This International Women’s Day, we’re embracing the 2021 theme: #ChooseToChallenge.  These last few months have certainly been challenging, but in addition to the anxiety and difficulties associated with the pandemic, women face a whole host of other challenges every day. It’s our responsibility to not only strive to overcome gender bias and inequality, but to challenge individuals and discourses who refuse to do so. That’s why we’ve decided to honour notable women from history who have risen to the challenge, and done intersectional feminism proud.

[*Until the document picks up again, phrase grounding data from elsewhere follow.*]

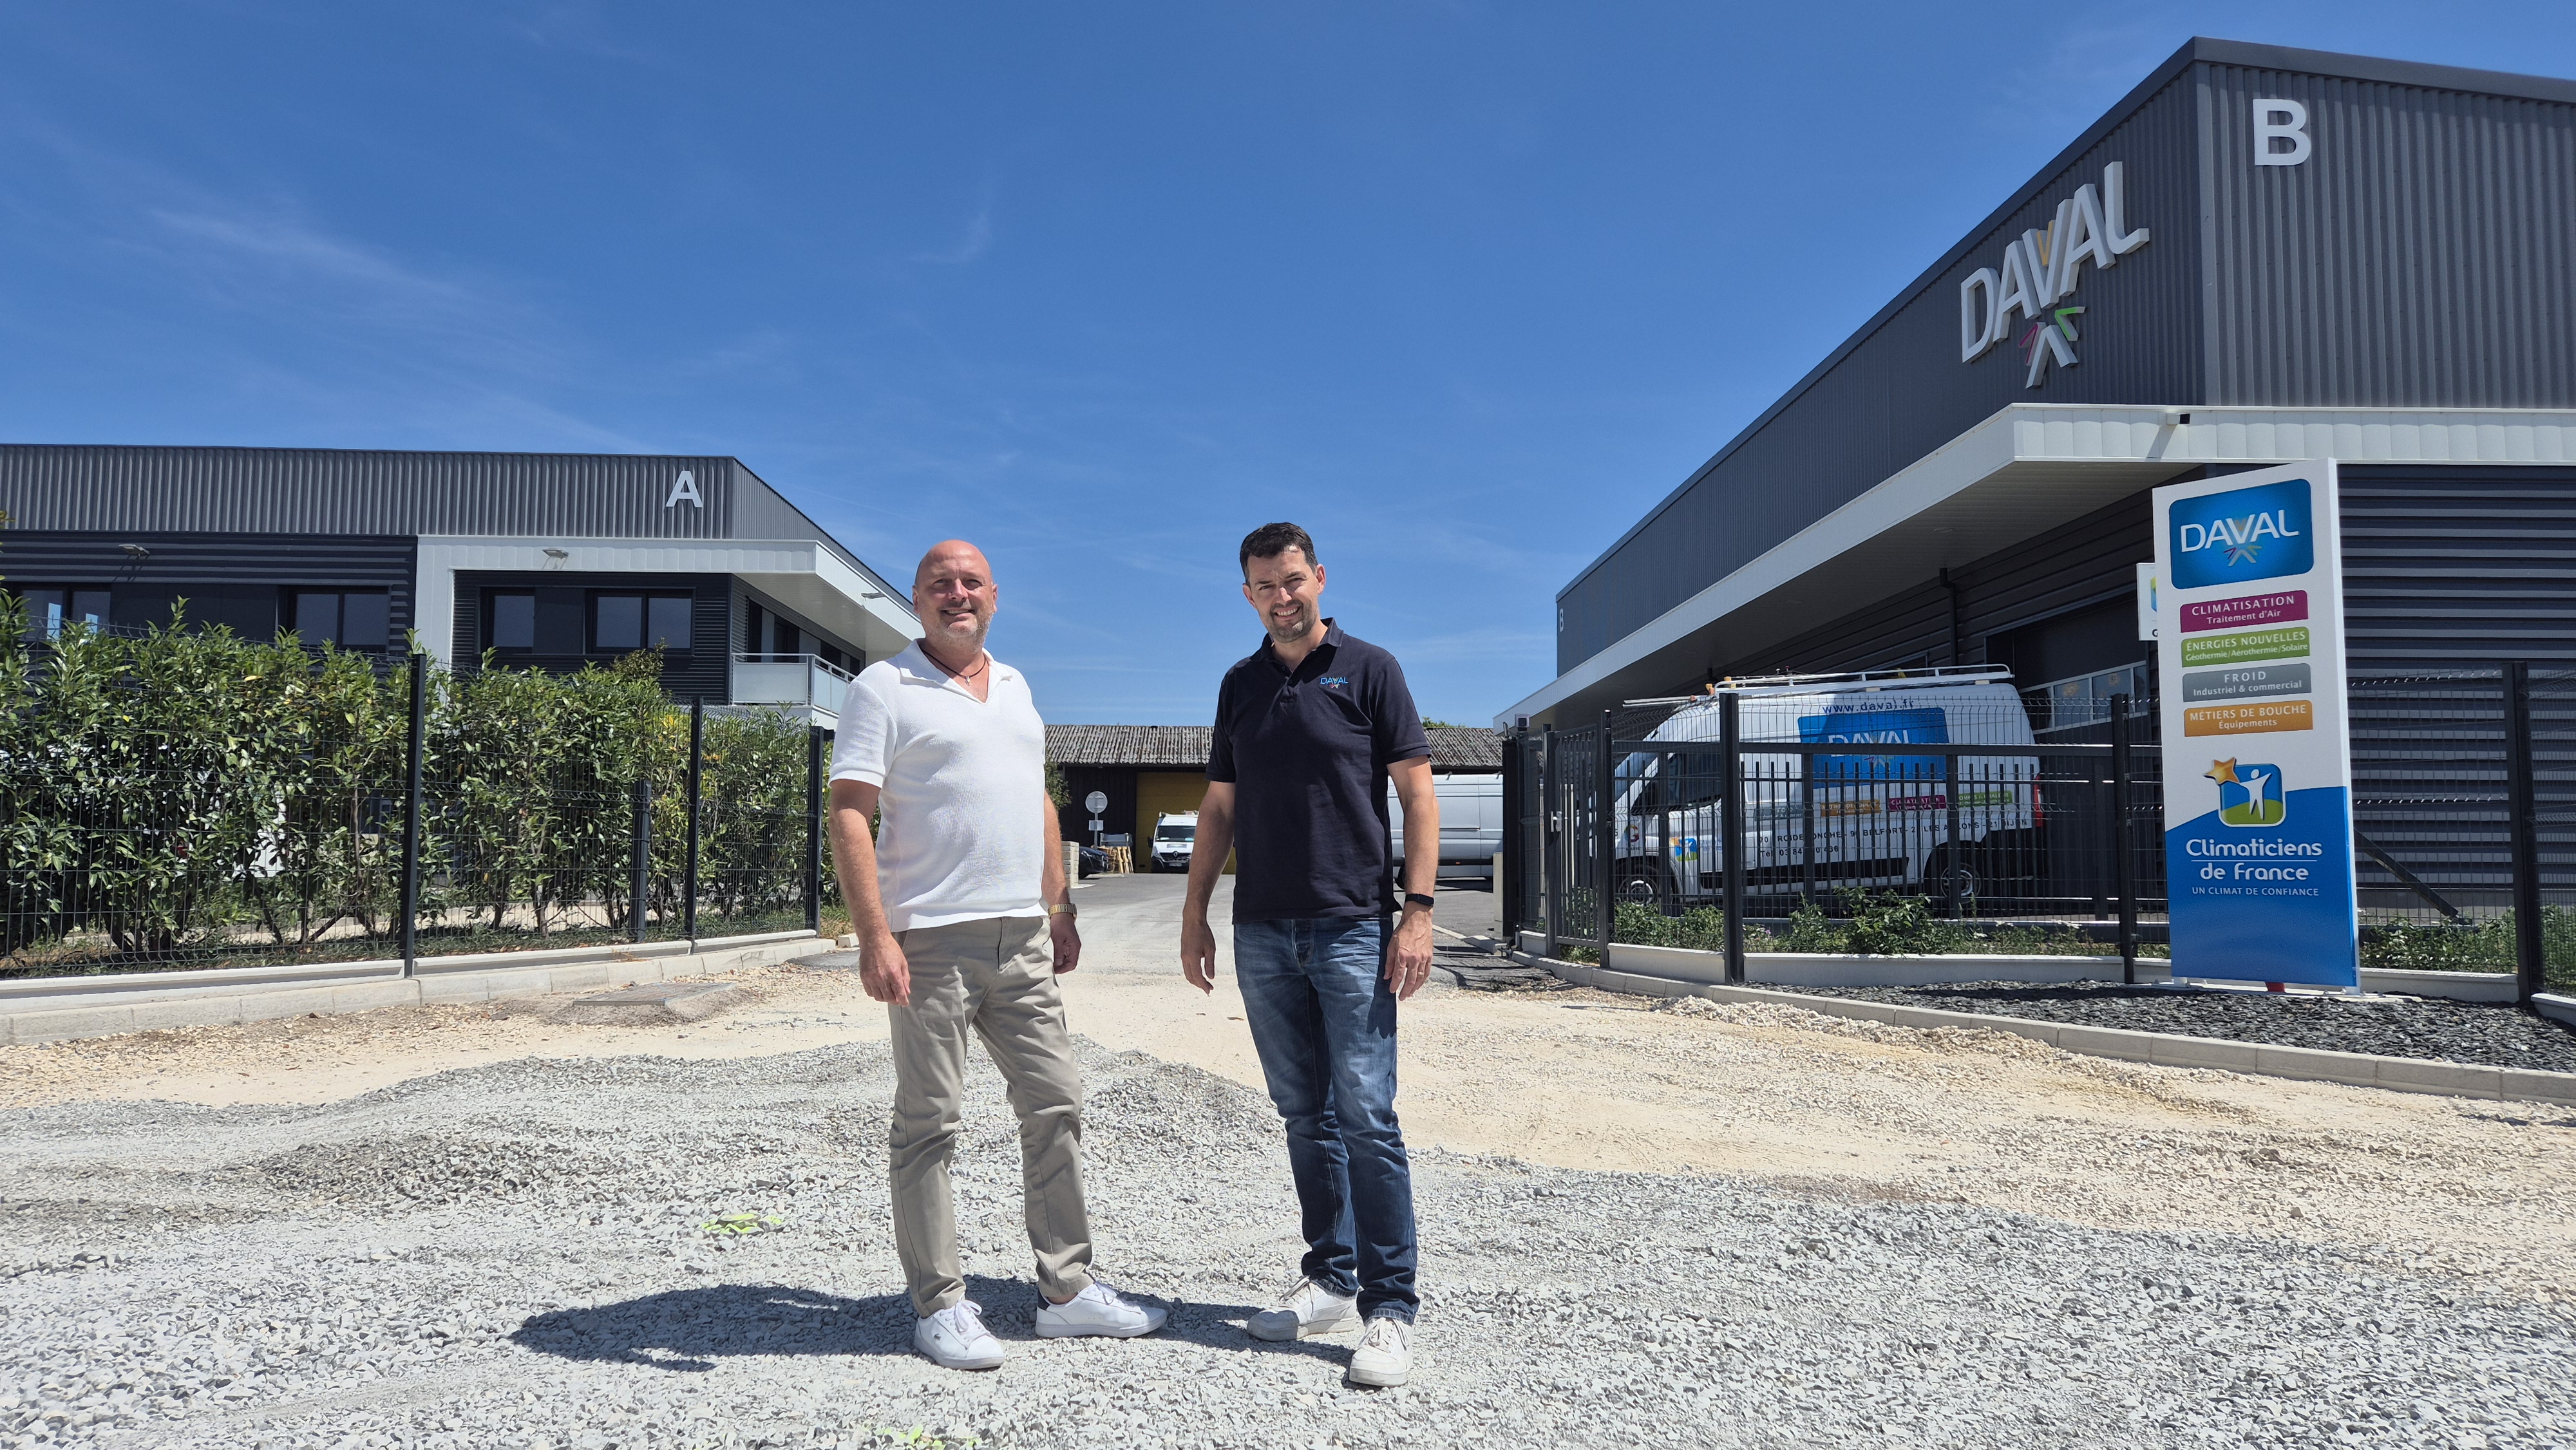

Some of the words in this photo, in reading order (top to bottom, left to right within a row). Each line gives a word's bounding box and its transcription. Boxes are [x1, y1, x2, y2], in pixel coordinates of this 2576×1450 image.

[2252, 99, 2312, 166] B
[1960, 160, 2150, 364] DAVAL
[665, 470, 703, 508] A
[2180, 509, 2300, 552] DAVAL
[2192, 595, 2295, 616] CLIMATISATION
[1559, 608, 1564, 632] B
[2206, 612, 2256, 625] Traitement
[2259, 609, 2282, 619] d'Air
[2186, 637, 2237, 651] ÉNERGIES
[2240, 630, 2306, 646] NOUVELLES
[2224, 671, 2266, 683] FROID
[2193, 685, 2236, 696] Industriel
[2239, 684, 2246, 693] &
[2248, 680, 2302, 692] commercial
[1822, 699, 1914, 713] www.daval.fr
[2190, 710, 2236, 720] MÉTIERS
[2240, 708, 2255, 717] DE
[2259, 704, 2307, 716] BOUCHE
[2219, 719, 2278, 730] Équipements
[2186, 838, 2322, 857] Climaticiens
[2199, 862, 2226, 880] de
[2192, 887, 2206, 895] UN
[2208, 887, 2242, 896] CLIMAT
[2246, 887, 2259, 896] DE
[2261, 887, 2320, 896] CONFIANCE
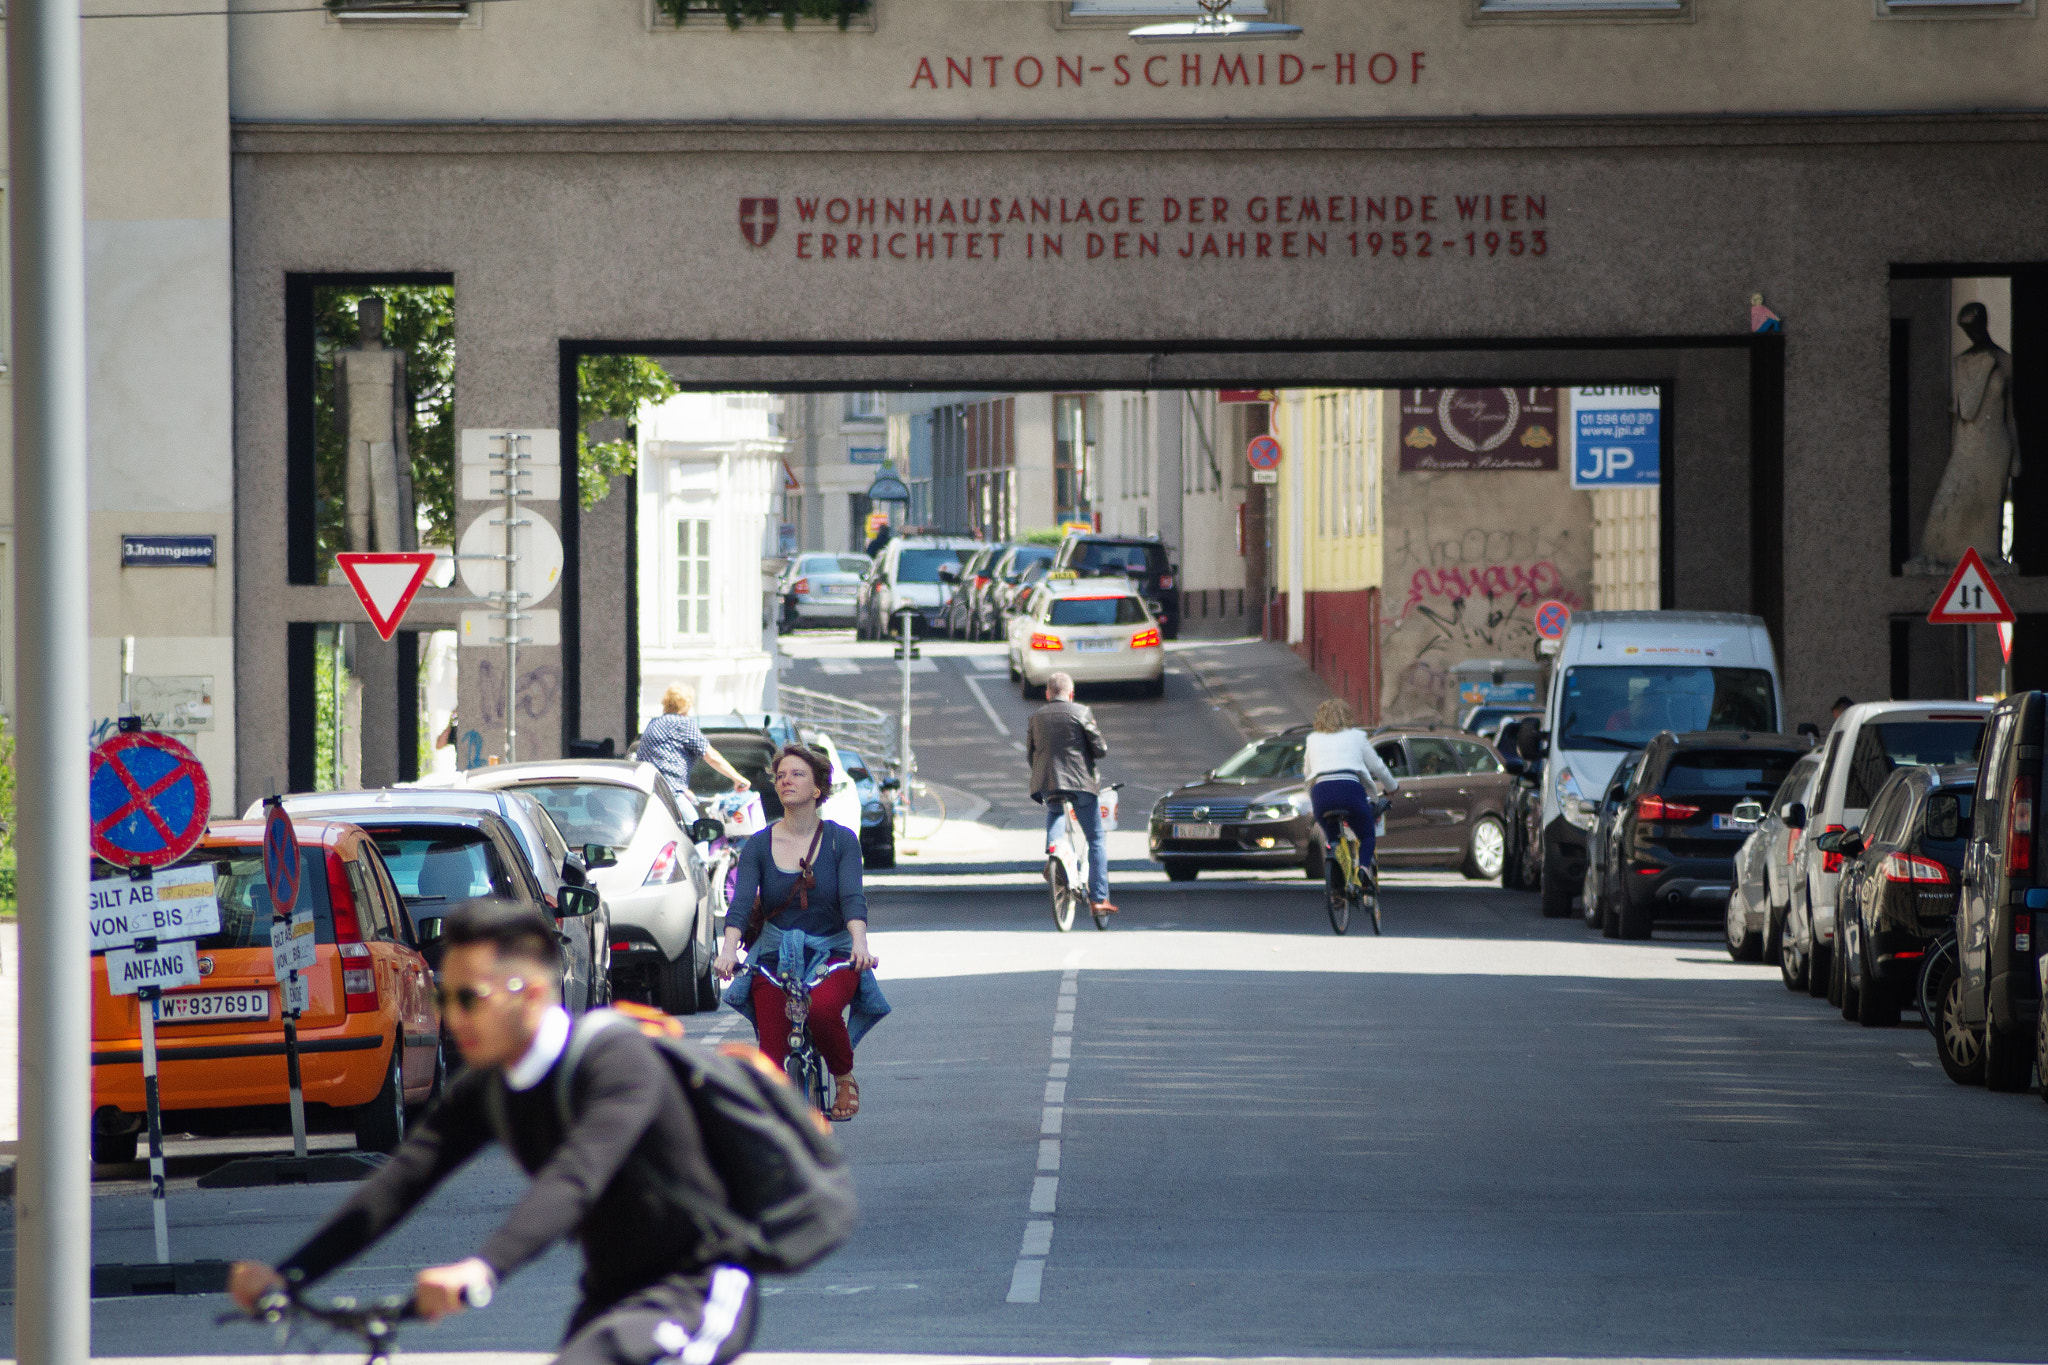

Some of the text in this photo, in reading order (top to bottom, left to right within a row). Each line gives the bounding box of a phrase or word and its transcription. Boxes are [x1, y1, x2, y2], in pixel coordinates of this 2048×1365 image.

Anna Julia Cooper – Sundus Abdullah 

Anna Julia Cooper was an American author, educator, activist and sociologist who made herself a name through being one of the most influential African-American scholars in the history of the United States. She had her first feminist awakening after realising that her male classmates were encouraged to study a more rigorous curriculum than female students, therefore fighting for her right to enrol on courses reserved for men by demonstrating her scholastic ability. In every point of her life, Cooper faced the challenge of being both self-reliant and the support for family members.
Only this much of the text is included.